Fear conditioning takes place when primarily innocuous CS (conditioned stimulus) gets paired contingently with an aversive unconditional stimulus that is responsible for insentient activating unconditioned fear responses (Mertens et al., 2020). Via the above-mentioned association(Conditioning stimuli-Unconditioning stimuli) formation, the conditioned stimulus comes to prompt numerous conditioned responses sharing the same physiognomies to innate fear responses. Little Albert's experiment conducted by Rayner and Watson in the year 1920 is one of the examples of fear conditioning (Watson, 2019). Little Albert, an infant aged 11 months, initially showcased curiosity by touching as well as playing with a white rat. As the infant’s hand touched the rodent, the back of his head got banged by the experimenters with a steel bar with a mallet. This resulted in little Albert to startle, fall forward, and began crying (Unconditioned stimulus). Thereafter, after the rodent (conditioned stimulus) was positioned near the infant’s hand, he extracted his hand and started cry (conditioned stimulus). This display of fear to the rodent was purported to have widespread to other objects as well as furry animals.
Contemporary investigations tailored to fear conditioning normally use small mammals such as rabbits, mice, and rats as experimental subjects. Apart from that, they also employ a tone as a conditioned stimulus as well as an unconditioned stimulus (mild electric shock).
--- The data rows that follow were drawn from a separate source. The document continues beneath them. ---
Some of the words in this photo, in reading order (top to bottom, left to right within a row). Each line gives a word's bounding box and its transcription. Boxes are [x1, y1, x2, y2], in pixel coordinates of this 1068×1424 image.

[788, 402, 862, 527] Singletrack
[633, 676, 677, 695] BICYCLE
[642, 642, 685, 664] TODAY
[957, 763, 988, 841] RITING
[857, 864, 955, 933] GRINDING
According to Keller et al. (2020), under these particular conditions, a very small number of conditioned stimulus-unconditioned stimulus pairings generate a lot of fear learning, as substantiated by various fear responses showcased upon successive expositions of the conditioning stimulus. It is noteworthy that, whereas most neurobiological research studies use simple temporal pairings of conditioning stimulus and unconditioned stimulus to generate fear conditioning, it is the informational correlation between the US and CS that is the important determining factor of classical conditioning (Kim & Jung, 2006). Typical fear indices in rats include movement arrest, analgesia, musculature reflexes enhancement, ultrasonic distress vocalization, and changes in autonomic system activities. Since fear conditioning takes place quickly and has a lasting impact, this task has turned out to be a popular behavioral tool used to study learning and memory's cellular-molecular substrates.
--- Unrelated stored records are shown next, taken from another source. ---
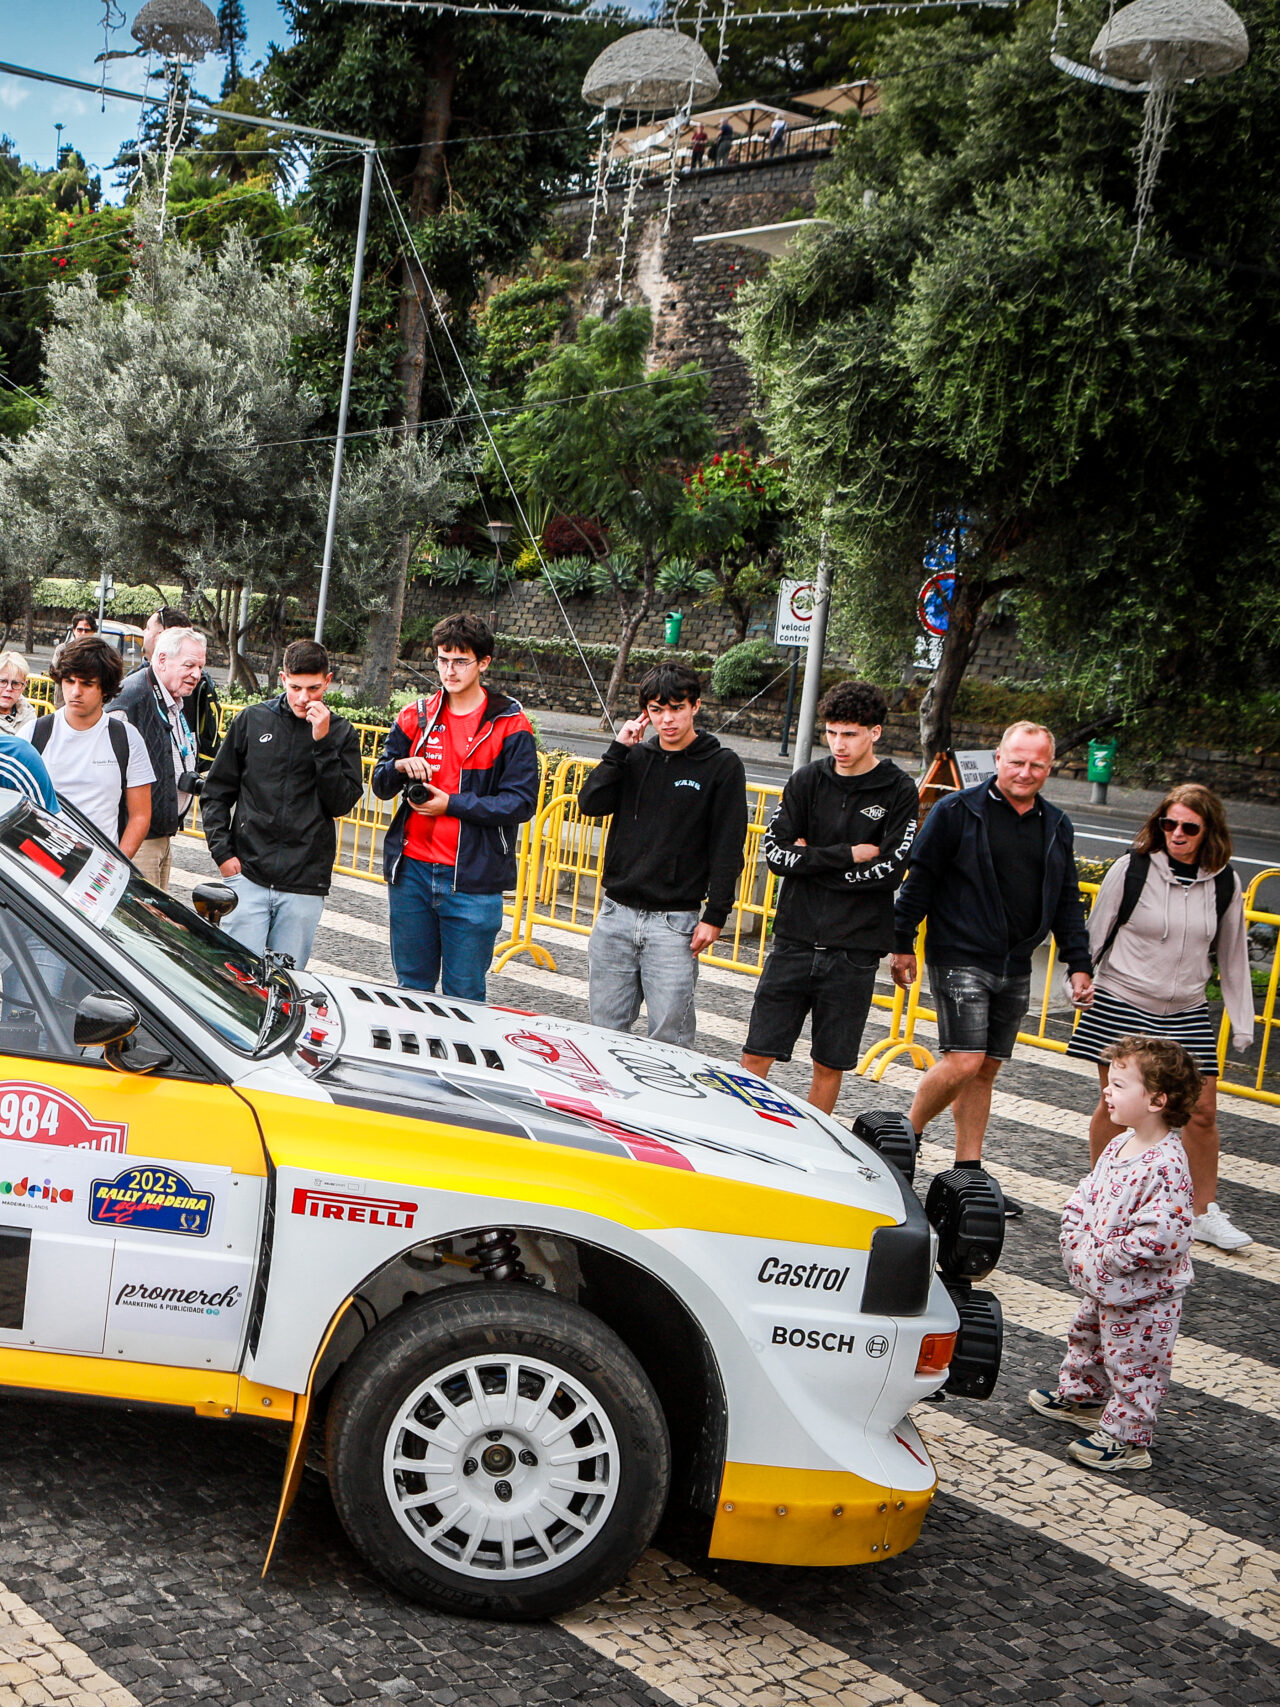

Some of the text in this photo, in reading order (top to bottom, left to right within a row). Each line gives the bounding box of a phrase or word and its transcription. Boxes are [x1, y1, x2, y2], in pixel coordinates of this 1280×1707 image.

[781, 623, 811, 632] velocid
[673, 779, 701, 791] VANS
[128, 1171, 178, 1193] 2025
[95, 1186, 208, 1211] RALLY MADEIRA
[291, 1187, 419, 1229] PIRELLI
[757, 1256, 851, 1292] Castrol
[115, 1283, 239, 1308] promerch
[122, 1299, 158, 1309] MARKETING
[165, 1304, 205, 1315] PUBLICIDADE
[771, 1325, 856, 1354] BOSCH
Fear can also be swiftly attained via operant or instrumental conditioning in which an averse stimulus's presentation is conditional upon an animal's behavior. One of the most employed processes with rodents is the inhibitory or passive avoidance task in which their response gets followed by a foot shock. As a function of stimulus pairing (cs-us), the animal is able to learn how to avert, making the response that was trailed by the aversive experience. Though procedurally diverse, it is assumed that fear reminiscences that are obtained through conditioned fear as well as through inhibitory avoidance (instrumental conditioning) eventually share a common neural substrate. Nevertheless, these two lines of research studies have often generated contradictory results.
The Role of Amygdala in Fear Conditioning
According to a large body of research studies, the amygdala is the key neural system sub-serving fear conditioning. The above-mentioned structure has been alleged to be essential for emotional processing not only in animals but also in human beings. This was first described in relation to research studies of Kluver-Bucy syndrome (Lanska, 2018). The said syndrome is branded by a set of uncommon behaviors witnessed in monkeys after the removal of their temporal lobes. Monkeys having such lesions developed the inability to comprehend the significance of visual stimuli, and they approached, ate, and orally scrutinized dangerous objects such as snakes without reluctance. Apart from that, the monkeys were also able to attain a change in both their emotional and social behavior (Sun et al., 2020). For instance, they showcased escalated tameness towards their caretakers and loss of fear. Monkeys that once averted their caretakers’ presence began to approach and make contact with them after their temporal lobes were gotten rid of.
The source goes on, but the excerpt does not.